■ Task statement
Copy every line below that has the word "CHILDCARE" in it.

Stored items from a collection
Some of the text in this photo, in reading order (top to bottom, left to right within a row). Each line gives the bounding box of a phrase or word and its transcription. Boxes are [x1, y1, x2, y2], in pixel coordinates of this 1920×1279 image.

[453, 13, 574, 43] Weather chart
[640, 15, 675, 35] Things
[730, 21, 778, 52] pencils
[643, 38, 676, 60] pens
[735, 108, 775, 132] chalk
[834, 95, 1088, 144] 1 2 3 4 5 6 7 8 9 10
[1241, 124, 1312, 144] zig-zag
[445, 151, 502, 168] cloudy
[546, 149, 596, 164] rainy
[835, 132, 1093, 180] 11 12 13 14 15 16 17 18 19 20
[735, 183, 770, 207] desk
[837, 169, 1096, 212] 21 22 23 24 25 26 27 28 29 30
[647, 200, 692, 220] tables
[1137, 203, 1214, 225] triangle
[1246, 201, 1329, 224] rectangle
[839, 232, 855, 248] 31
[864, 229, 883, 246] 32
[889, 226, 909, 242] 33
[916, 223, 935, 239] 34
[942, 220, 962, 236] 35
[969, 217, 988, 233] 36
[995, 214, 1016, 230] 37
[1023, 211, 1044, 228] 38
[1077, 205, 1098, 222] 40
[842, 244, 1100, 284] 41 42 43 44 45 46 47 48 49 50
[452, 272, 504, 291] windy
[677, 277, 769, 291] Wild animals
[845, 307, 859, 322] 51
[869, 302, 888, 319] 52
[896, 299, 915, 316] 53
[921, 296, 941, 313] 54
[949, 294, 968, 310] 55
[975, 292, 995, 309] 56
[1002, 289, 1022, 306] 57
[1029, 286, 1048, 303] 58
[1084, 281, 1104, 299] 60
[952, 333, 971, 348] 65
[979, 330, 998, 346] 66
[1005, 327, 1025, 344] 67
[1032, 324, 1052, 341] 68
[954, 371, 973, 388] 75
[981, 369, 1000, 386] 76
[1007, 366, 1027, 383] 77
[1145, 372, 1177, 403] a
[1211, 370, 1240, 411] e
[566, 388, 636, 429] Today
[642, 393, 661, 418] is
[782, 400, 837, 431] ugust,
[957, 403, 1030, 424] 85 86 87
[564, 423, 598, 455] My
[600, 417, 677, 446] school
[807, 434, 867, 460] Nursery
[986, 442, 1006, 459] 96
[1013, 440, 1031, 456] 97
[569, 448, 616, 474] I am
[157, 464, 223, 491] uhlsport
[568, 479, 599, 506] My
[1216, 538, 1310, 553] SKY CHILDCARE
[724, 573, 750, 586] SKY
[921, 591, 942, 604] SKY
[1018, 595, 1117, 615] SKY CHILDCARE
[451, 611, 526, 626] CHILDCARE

■ Output below
[1216, 538, 1310, 553] SKY CHILDCARE
[1018, 595, 1117, 615] SKY CHILDCARE
[451, 611, 526, 626] CHILDCARE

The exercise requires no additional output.